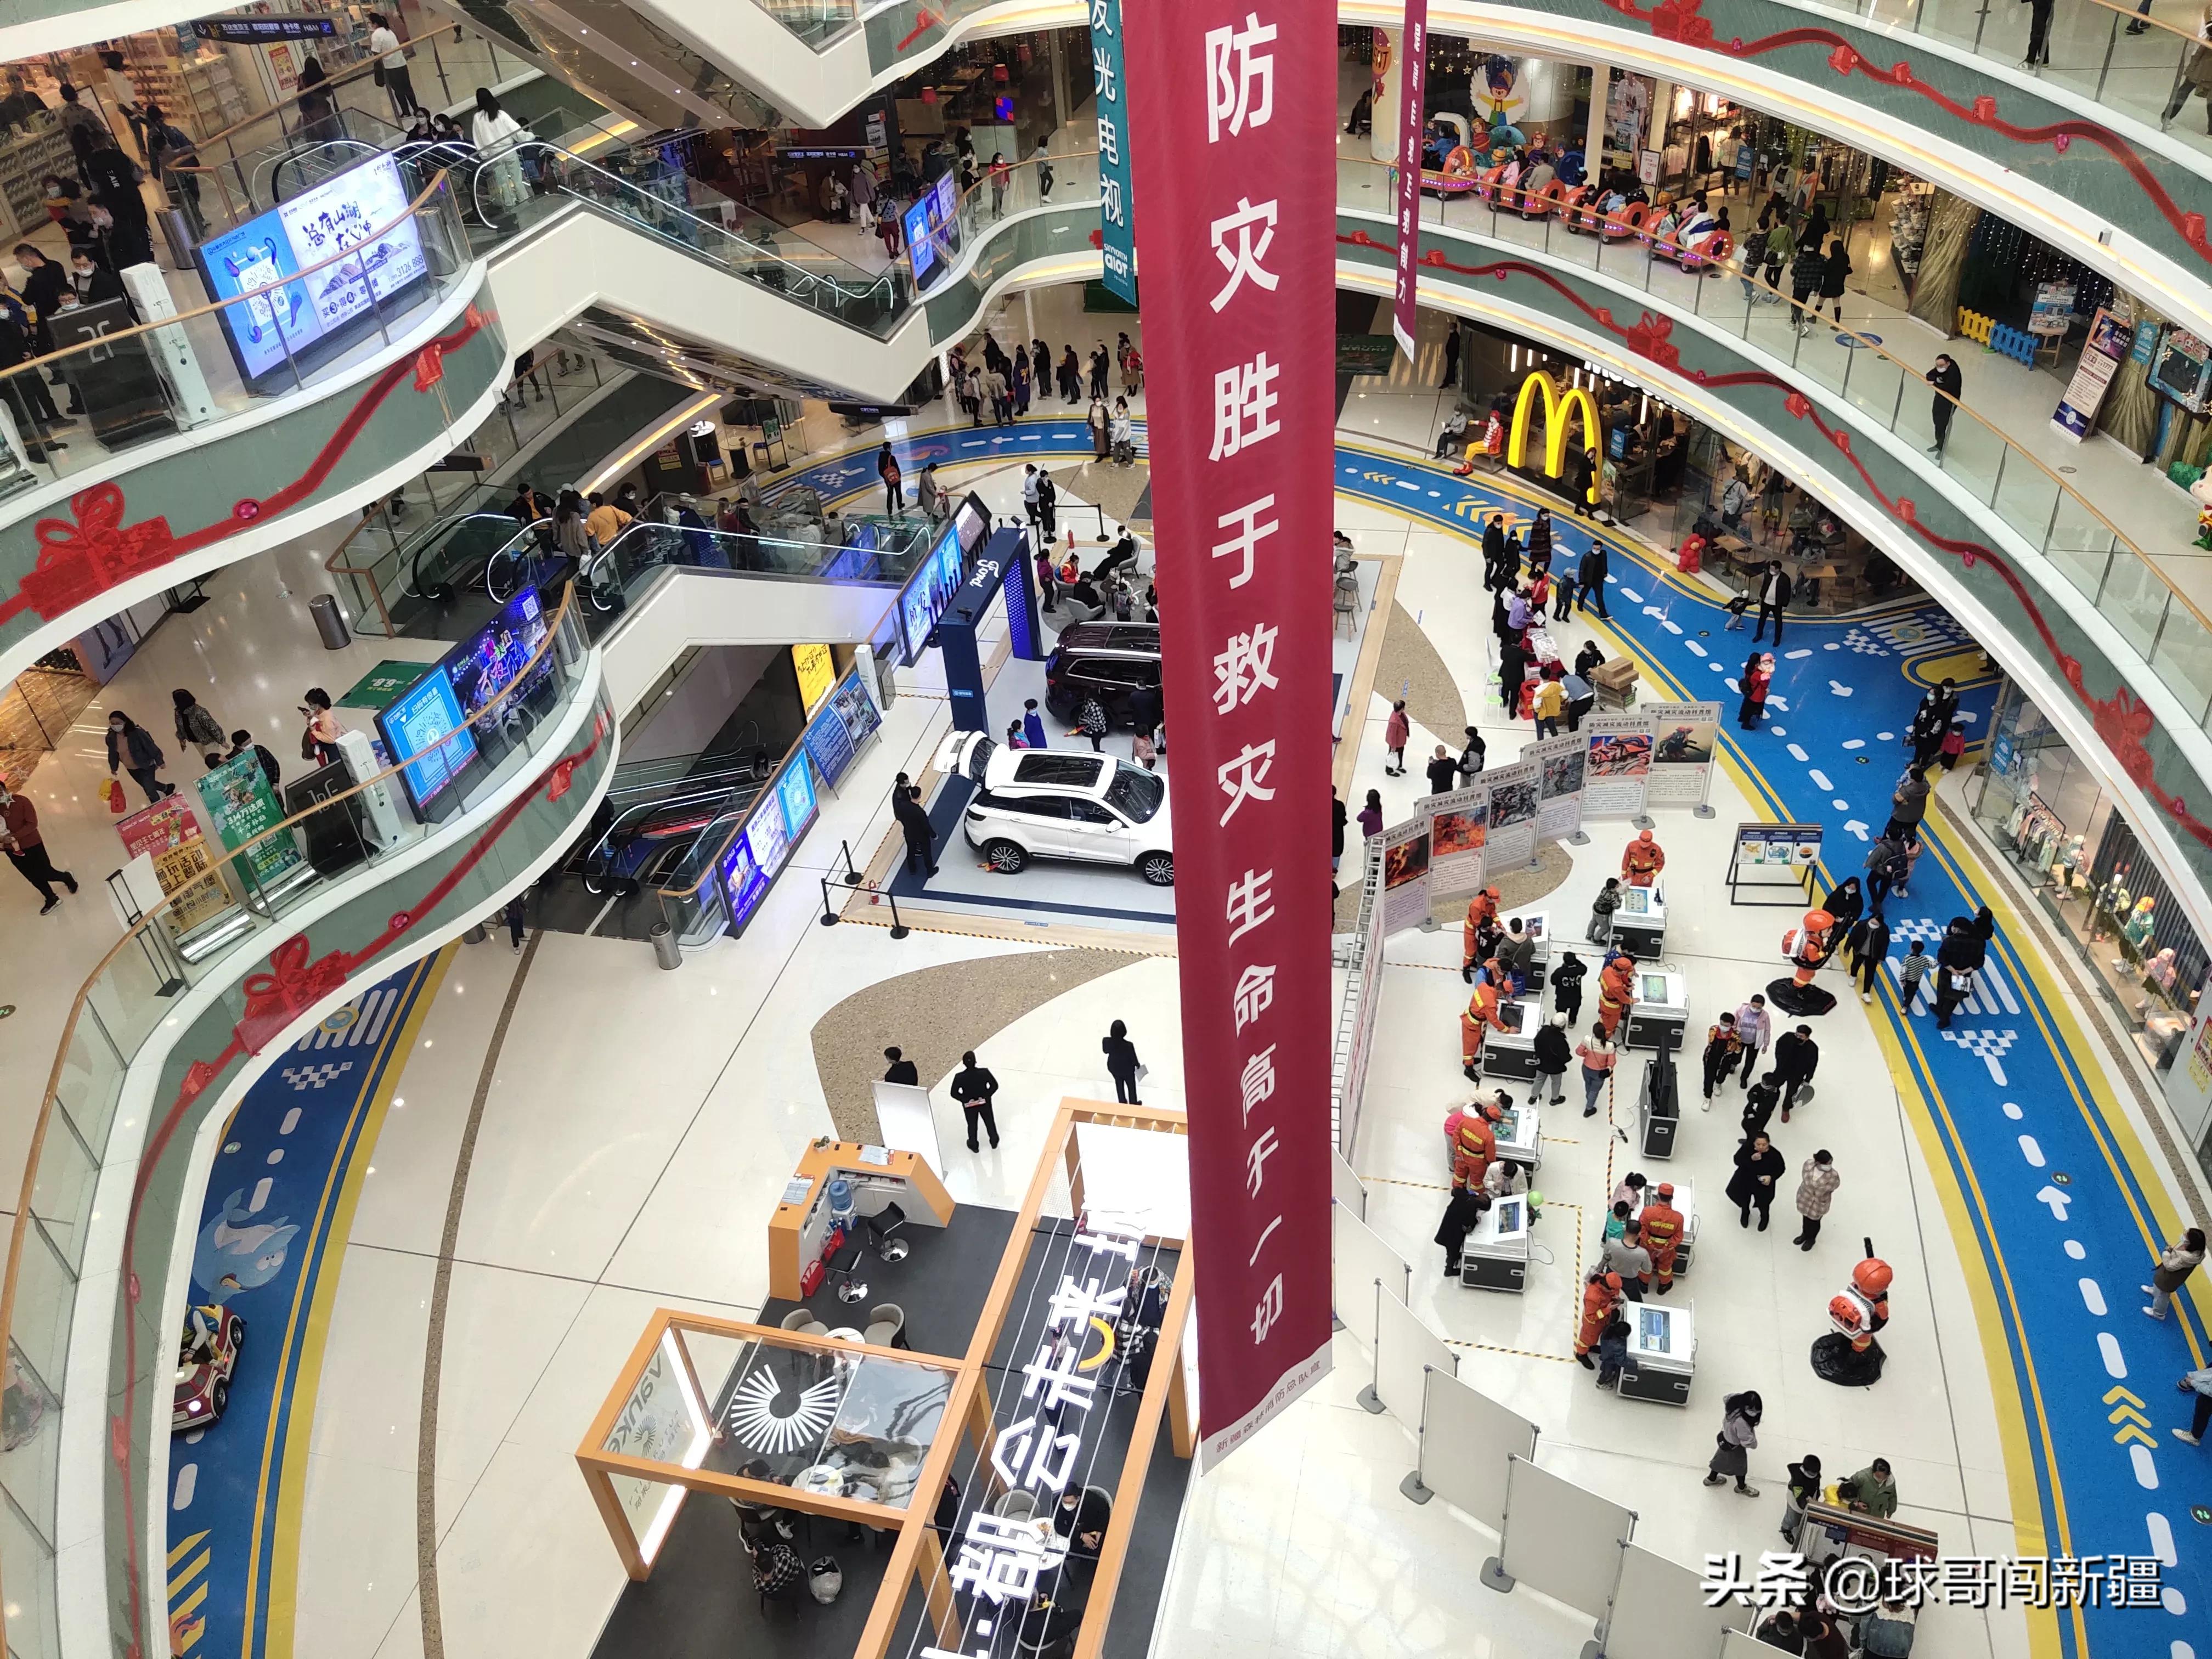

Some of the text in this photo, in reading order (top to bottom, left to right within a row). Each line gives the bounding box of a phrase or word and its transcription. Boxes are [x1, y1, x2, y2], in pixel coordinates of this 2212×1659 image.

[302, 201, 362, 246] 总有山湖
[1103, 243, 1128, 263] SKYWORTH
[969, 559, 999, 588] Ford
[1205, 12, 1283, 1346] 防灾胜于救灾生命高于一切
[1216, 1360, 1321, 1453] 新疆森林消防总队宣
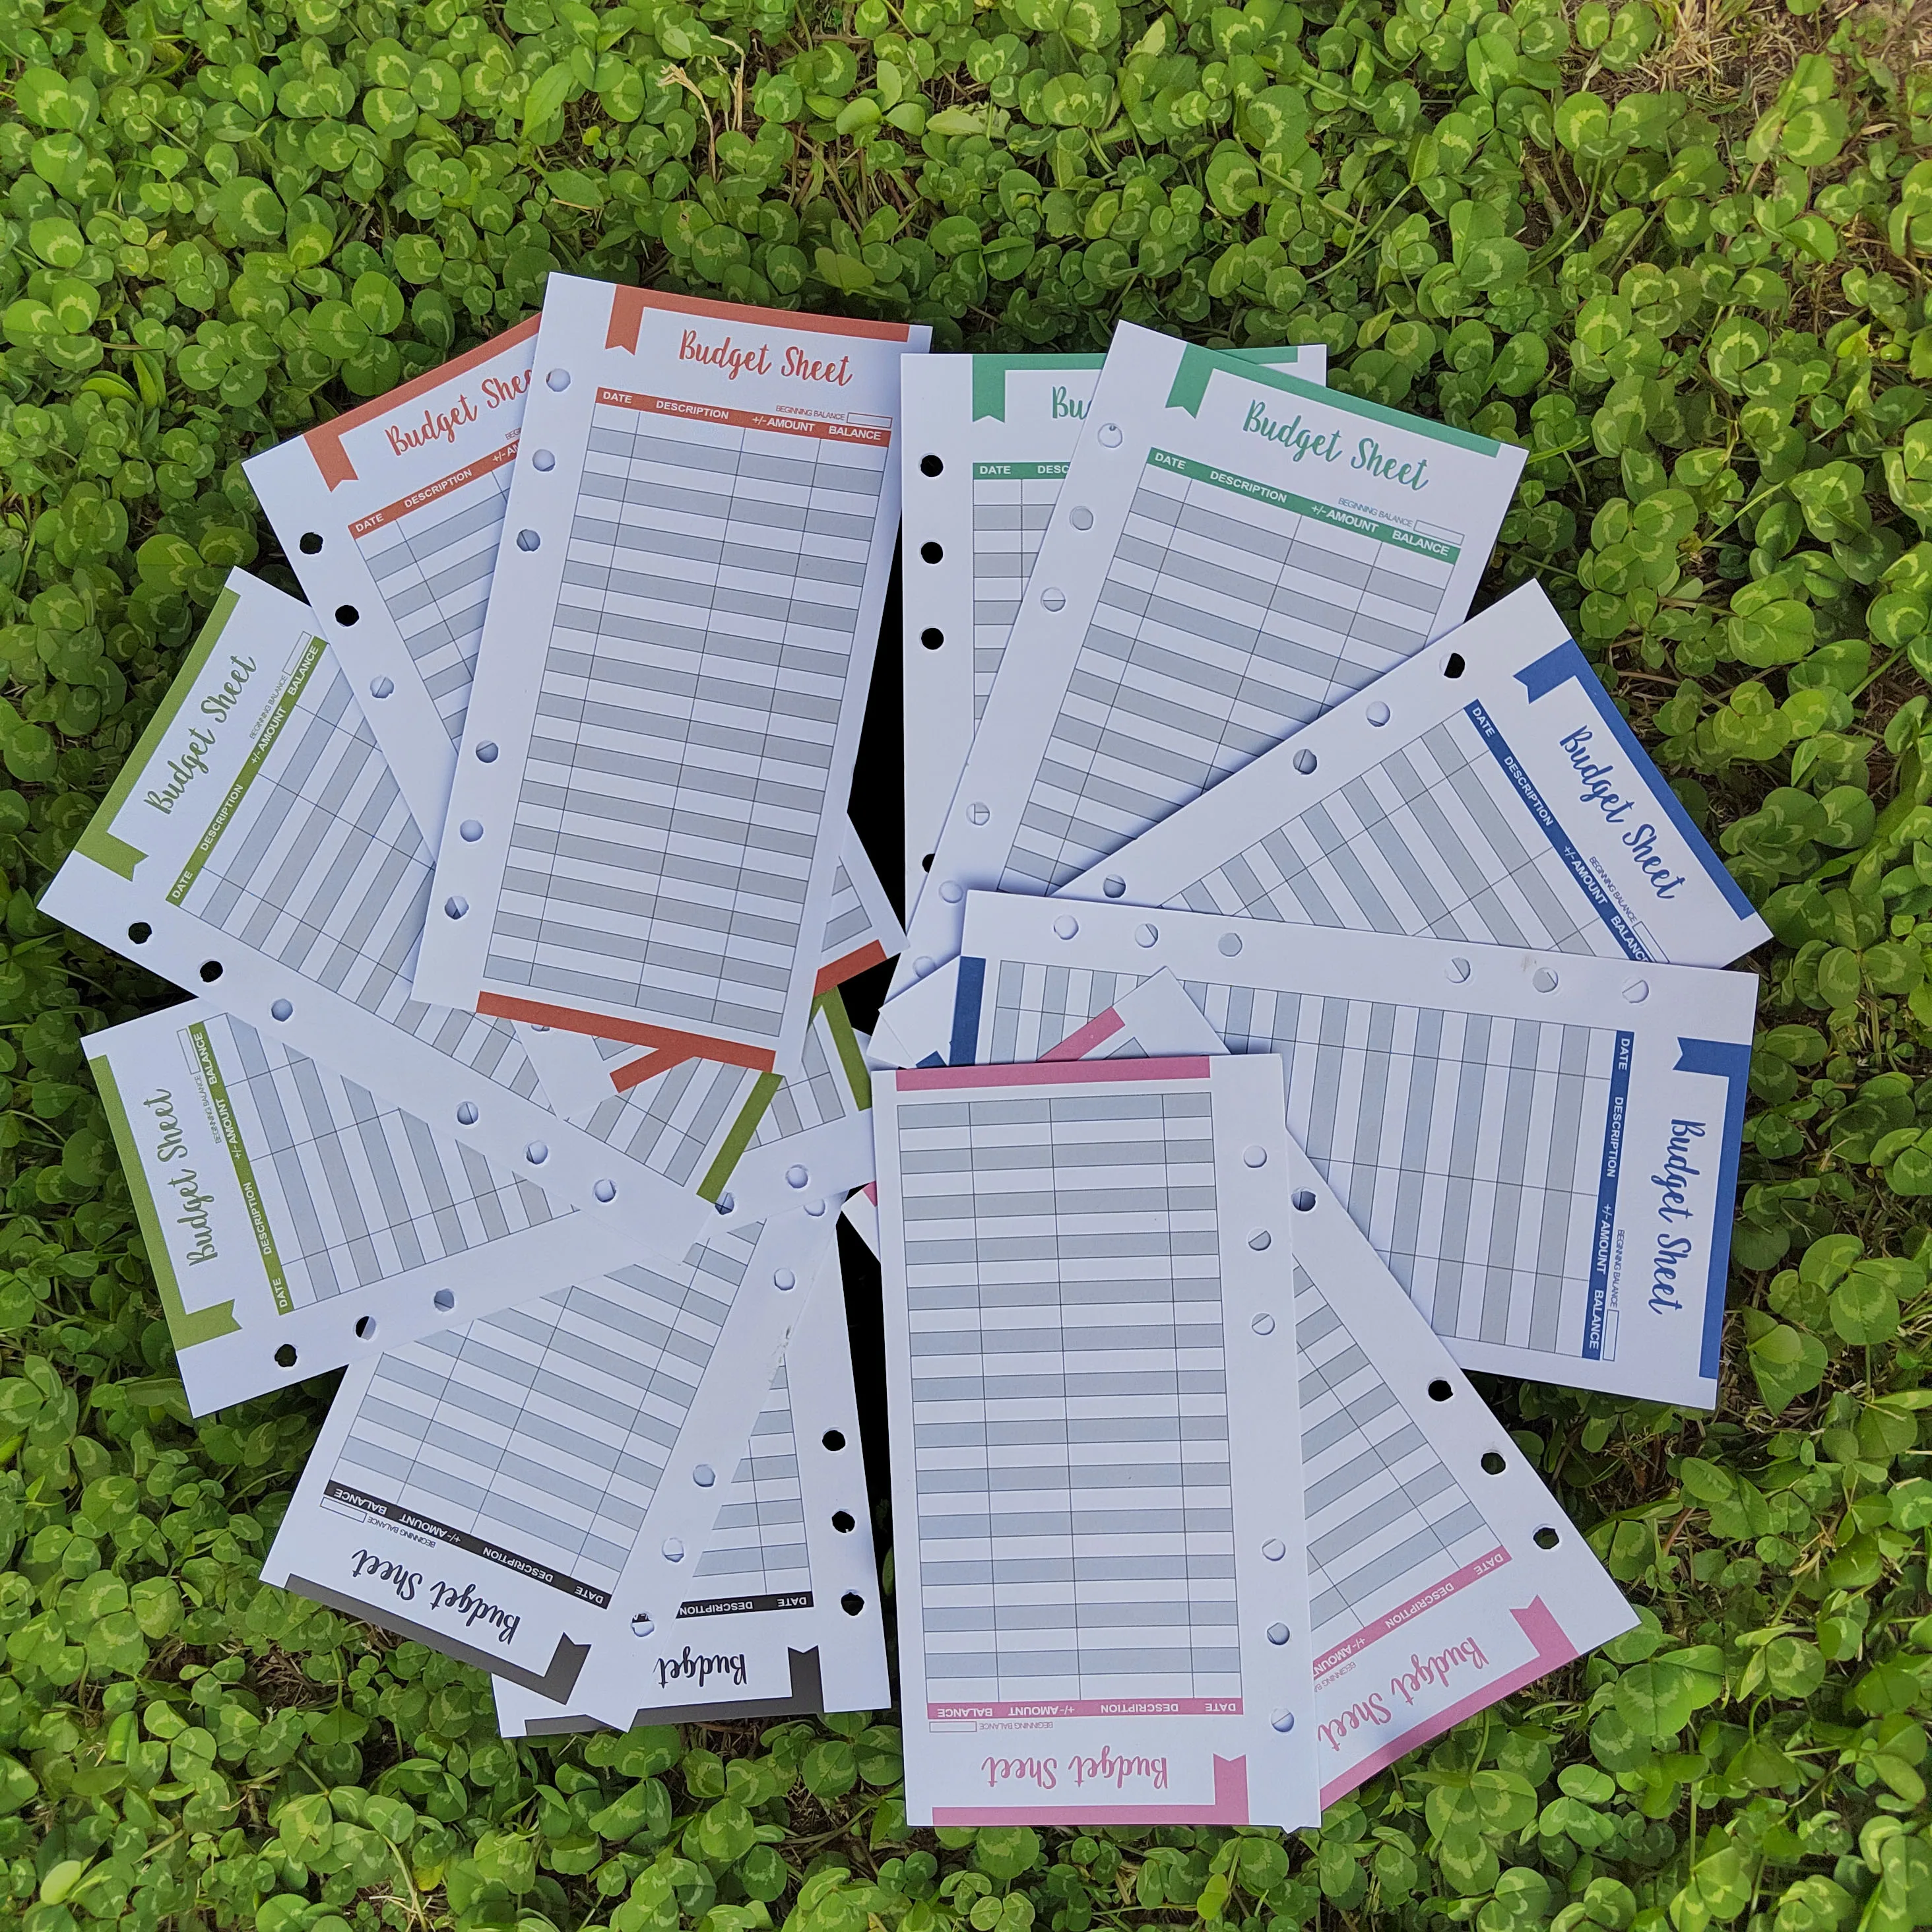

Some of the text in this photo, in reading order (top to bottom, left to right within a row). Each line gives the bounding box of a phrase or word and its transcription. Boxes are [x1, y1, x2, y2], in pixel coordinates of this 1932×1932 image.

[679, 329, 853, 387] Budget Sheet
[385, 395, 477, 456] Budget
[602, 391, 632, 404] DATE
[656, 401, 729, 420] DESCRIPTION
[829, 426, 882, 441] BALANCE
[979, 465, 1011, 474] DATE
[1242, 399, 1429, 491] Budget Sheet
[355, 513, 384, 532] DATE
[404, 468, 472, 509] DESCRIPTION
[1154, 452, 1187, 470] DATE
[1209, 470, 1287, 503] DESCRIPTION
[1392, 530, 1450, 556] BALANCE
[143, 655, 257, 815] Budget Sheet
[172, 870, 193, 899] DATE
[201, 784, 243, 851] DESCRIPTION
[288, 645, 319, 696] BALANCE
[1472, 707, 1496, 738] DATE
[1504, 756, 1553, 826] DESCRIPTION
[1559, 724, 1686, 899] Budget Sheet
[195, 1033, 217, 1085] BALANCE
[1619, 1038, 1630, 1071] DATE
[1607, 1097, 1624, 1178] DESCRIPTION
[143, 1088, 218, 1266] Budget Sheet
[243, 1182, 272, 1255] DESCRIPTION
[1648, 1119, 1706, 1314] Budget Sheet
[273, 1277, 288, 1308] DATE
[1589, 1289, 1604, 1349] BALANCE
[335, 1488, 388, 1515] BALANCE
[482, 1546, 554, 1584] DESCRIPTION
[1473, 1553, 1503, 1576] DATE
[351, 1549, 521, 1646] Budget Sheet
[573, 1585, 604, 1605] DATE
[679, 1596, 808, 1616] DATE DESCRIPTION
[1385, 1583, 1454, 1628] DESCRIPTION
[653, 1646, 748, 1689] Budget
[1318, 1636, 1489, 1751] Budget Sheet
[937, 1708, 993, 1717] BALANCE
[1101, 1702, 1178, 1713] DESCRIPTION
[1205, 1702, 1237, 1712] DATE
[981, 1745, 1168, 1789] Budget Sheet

AIM OF THE TASK:
In the copy, include every record exactly and no pictures.

RESULT OF THIS TASK:
Some of the text in this photo, in reading order (top to bottom, left to right within a row). Each line gives the bounding box of a phrase or word and its transcription. Boxes are [x1, y1, x2, y2], in pixel coordinates of this 2212×1659 image.

[302, 201, 362, 246] 总有山湖
[1103, 243, 1128, 263] SKYWORTH
[969, 559, 999, 588] Ford
[1205, 12, 1283, 1346] 防灾胜于救灾生命高于一切
[1216, 1360, 1321, 1453] 新疆森林消防总队宣

Some of the text in this photo, in reading order (top to bottom, left to right within a row). Each line gives the bounding box of a phrase or word and its transcription. Boxes are [x1, y1, x2, y2], in pixel coordinates of this 1932×1932 image.

[679, 329, 853, 387] Budget Sheet
[385, 395, 477, 456] Budget
[602, 391, 632, 404] DATE
[656, 401, 729, 420] DESCRIPTION
[829, 426, 882, 441] BALANCE
[979, 465, 1011, 474] DATE
[1242, 399, 1429, 491] Budget Sheet
[355, 513, 384, 532] DATE
[404, 468, 472, 509] DESCRIPTION
[1154, 452, 1187, 470] DATE
[1209, 470, 1287, 503] DESCRIPTION
[1392, 530, 1450, 556] BALANCE
[143, 655, 257, 815] Budget Sheet
[172, 870, 193, 899] DATE
[201, 784, 243, 851] DESCRIPTION
[288, 645, 319, 696] BALANCE
[1472, 707, 1496, 738] DATE
[1504, 756, 1553, 826] DESCRIPTION
[1559, 724, 1686, 899] Budget Sheet
[195, 1033, 217, 1085] BALANCE
[1619, 1038, 1630, 1071] DATE
[1607, 1097, 1624, 1178] DESCRIPTION
[143, 1088, 218, 1266] Budget Sheet
[243, 1182, 272, 1255] DESCRIPTION
[1648, 1119, 1706, 1314] Budget Sheet
[273, 1277, 288, 1308] DATE
[1589, 1289, 1604, 1349] BALANCE
[335, 1488, 388, 1515] BALANCE
[482, 1546, 554, 1584] DESCRIPTION
[1473, 1553, 1503, 1576] DATE
[351, 1549, 521, 1646] Budget Sheet
[573, 1585, 604, 1605] DATE
[679, 1596, 808, 1616] DATE DESCRIPTION
[1385, 1583, 1454, 1628] DESCRIPTION
[653, 1646, 748, 1689] Budget
[1318, 1636, 1489, 1751] Budget Sheet
[937, 1708, 993, 1717] BALANCE
[1101, 1702, 1178, 1713] DESCRIPTION
[1205, 1702, 1237, 1712] DATE
[981, 1745, 1168, 1789] Budget Sheet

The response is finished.